IMHO, too many laws, too many lawyers, too lenient prison system, too slow of a justice system, too many who game the system and suffer no apparent consequences. too many corrupt "public officials".
Question: is a professional police force worth the money we're paying them?
Too much, too little or just about right?
Is the use of the police to generate revenue for the municipality a proper use ?
The whole revenue thing has completely gotten out of control. It's what led to quotas. It wasn't that they were worried about what we were or were not doing. The city councels got to wondering where all the revenue was that should have been coming from tickets and ordinance enforcement. So they looked. And found that a majority of officers were not writing many tickets. This was throughout the 60's and 70's. Which led to quotas in the 80s and 90s. Then, in Ca at least, they were outlawed. So they came up with a new name.....performance goals. Our unions got rid of that too (one of the few things unions have done right.)
So now you just don't get the assignments you want or promoted or whatever if they don't see production out of you. Not everywhere. Mostly in smaller cities with less crime. In larger cities, you have traffic officers and regular officers (among others). Traffic guys will probabaly write the ticket. Patrol guys are usually using the stop to see if you have a warrant or something.

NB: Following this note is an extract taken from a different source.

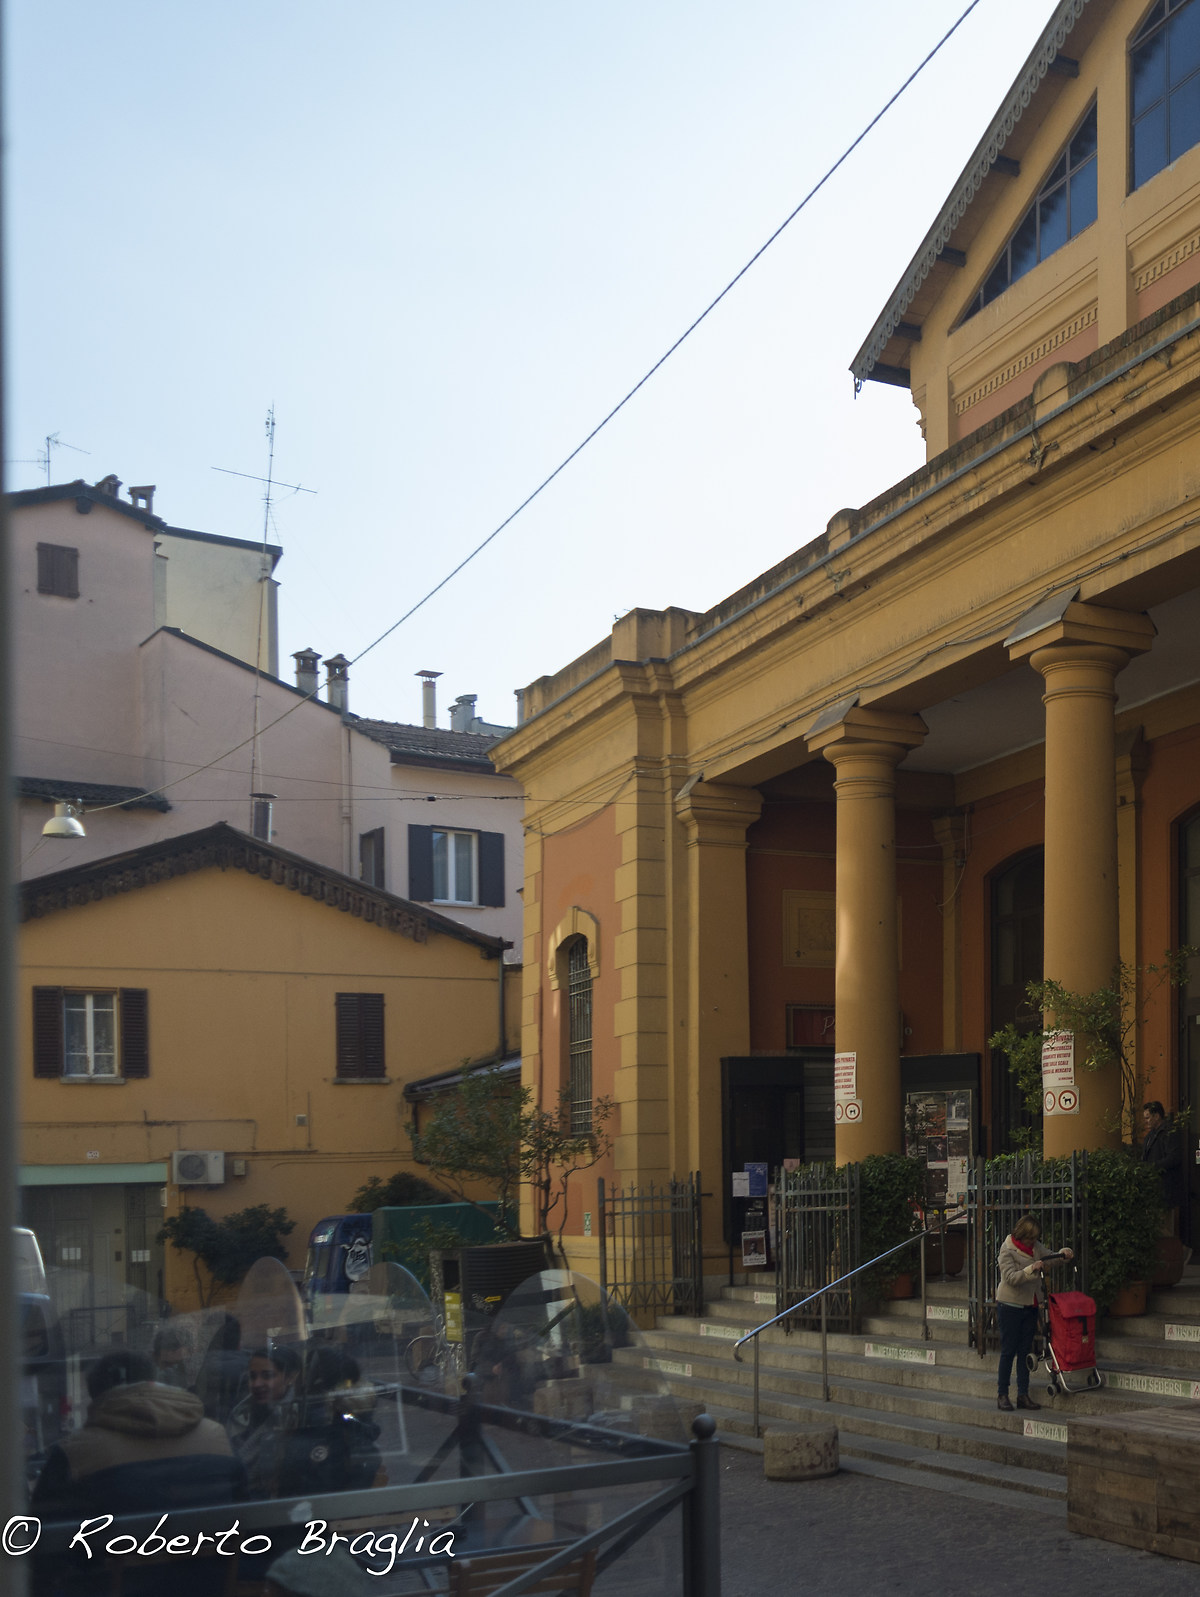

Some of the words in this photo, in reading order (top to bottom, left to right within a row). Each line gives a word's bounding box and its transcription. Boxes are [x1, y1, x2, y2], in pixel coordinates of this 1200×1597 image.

[1176, 1327, 1200, 1341] USCITA
[1117, 1376, 1147, 1392] VIETATO
[1148, 1379, 1182, 1397] SEDERSI
[1035, 1422, 1060, 1440] USCITA

As for if we're worth what you're paying for, I don't know. I do know that since our wages and benefits have gone down, we don't get the quality applicants we used to. I'm part of the hiring and training process, and since the decline of the economy, our application numbers have skyrocketed, but the quality has gone down a lot. It's horrible.

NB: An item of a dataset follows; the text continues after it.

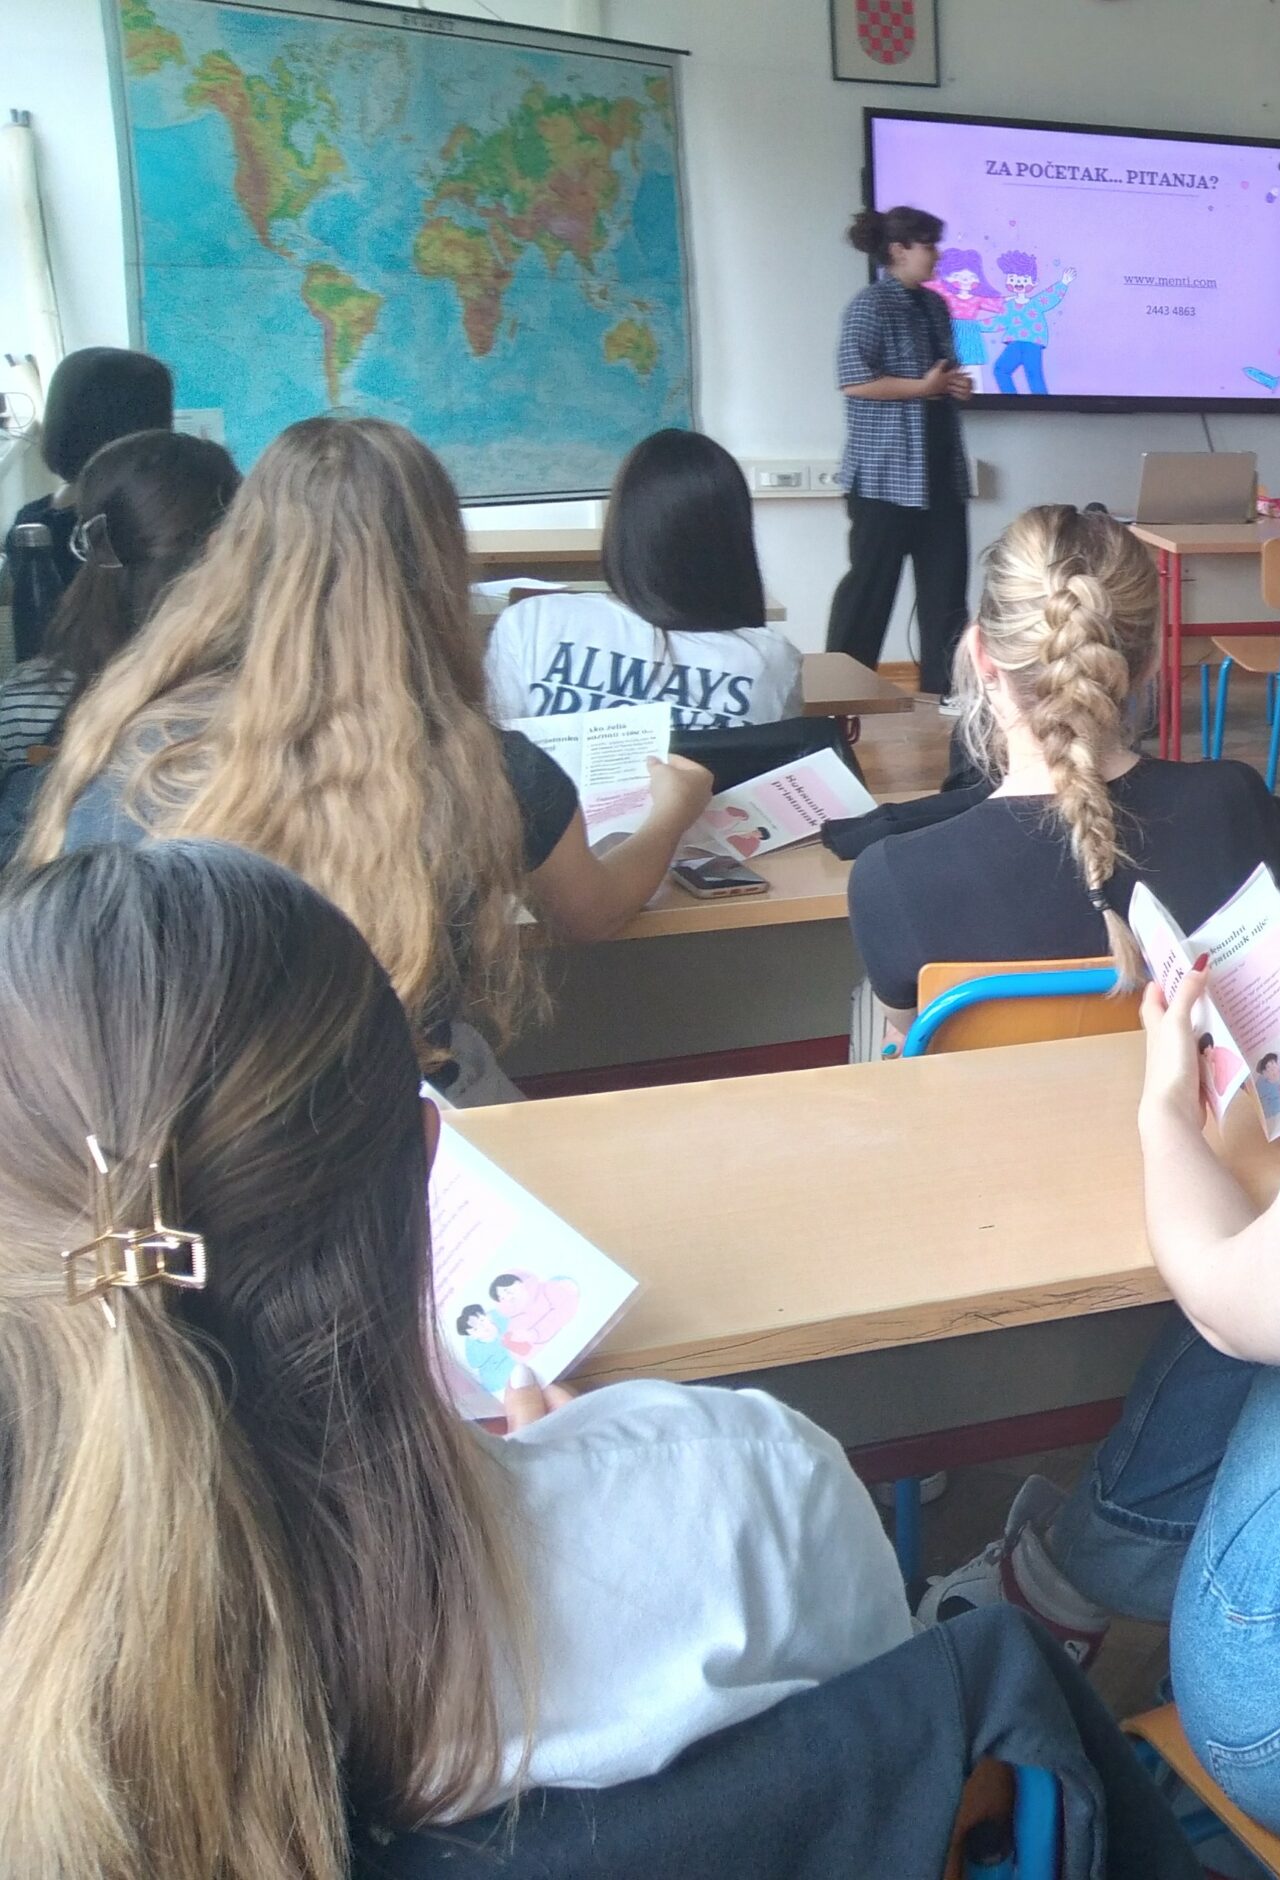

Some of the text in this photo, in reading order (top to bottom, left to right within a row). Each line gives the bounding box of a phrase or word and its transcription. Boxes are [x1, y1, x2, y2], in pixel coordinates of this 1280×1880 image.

[985, 160, 1219, 190] ZA POČETAK... PITANJA?
[1123, 275, 1217, 289] www.menti.com
[1146, 304, 1196, 317] 2443 4863
[541, 641, 754, 717] ALWAYS

Part of the problem where I work is that it's way overpriced. A lot of us cannot afford to live anywhere near where we work. The local population is either doing good, or failing miserably. Those doing good don't apply, those failing, aren't usually hireable for one reason or another. The qualified good applicants are leaving the state. Good for them, but we're screwed because of it.

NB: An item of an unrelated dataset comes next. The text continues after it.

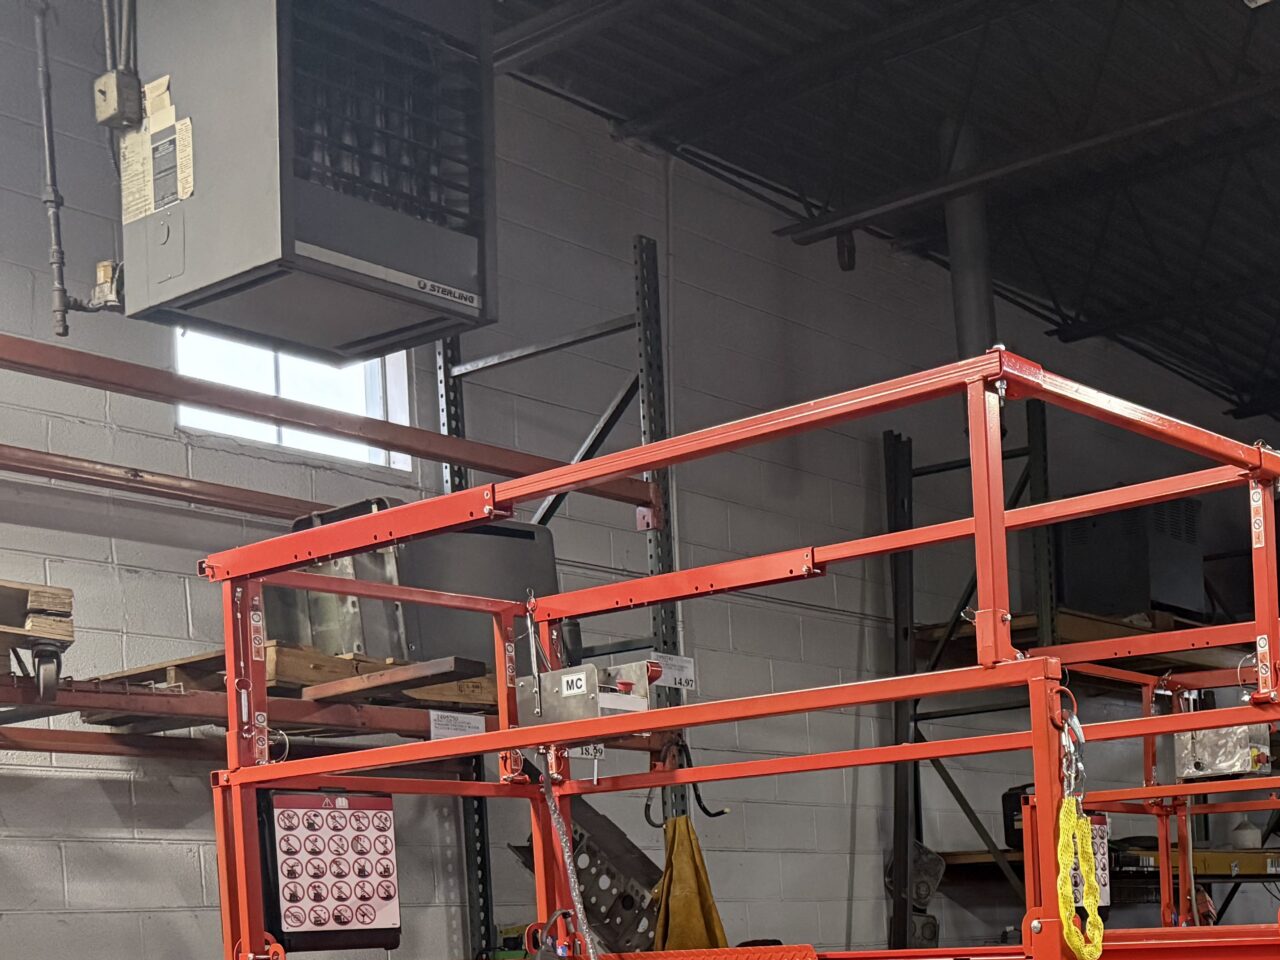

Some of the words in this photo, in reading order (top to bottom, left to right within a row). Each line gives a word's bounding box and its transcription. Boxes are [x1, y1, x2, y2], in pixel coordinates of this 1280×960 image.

[429, 283, 475, 304] STERLING
[566, 677, 583, 691] MC
[674, 677, 694, 688] 14.97

So, that's a fraction of the equation I'm sure. But it's what I see. I work at a Sheriff's Office so I don't see the problems with quotas and such. We don't do a lot of tickets and no one cares. We're litterally too busy for it. Plus there's still a culture of "old Sheriff's" around here. We don't roll 10 deep on a call. Usually one or two. We don't look for reasons to arrest, we look for reasons not to. And we quite literally know all the bad guys in the county. Due to patrol, courts, and the jail. So were a tad more successful at resolving things on scene. Sometimes, an arrest is just what's gonna happen.
I agree that we have too many laws. Too many lawyers. The prison system is failed and overcrowded. There's one more part of the issue you missed though. And it's the worst. Judges. Judges, who I call magical fat creatures in black robes, think they are above the law. And mostly, they're right. There is simply ZERO accountability for a judge that doesn't follow the law. They go outside of it on a daily basis. Blatantly. And you can't sue them. You can complain, and have your complaint heard by........wait for it.......a judge.
Judges are worse than politicians in my mind. Because no one even recognizes that they are corrupt. On a national level, sometimes we talk about them. But that's it. Ask any guy who's been to divorce court or family court. The law simply don't matter. See it all the time. Even in criminal court.
So the question is still hanging out there. Hanging by a thread (pun intended...get it?
). What system would be better? And how, in this day and age, do you implement it???
My solution involves a fantasy where the citizens fix it by force. But I know it ain't gonna happen. So any real ideas?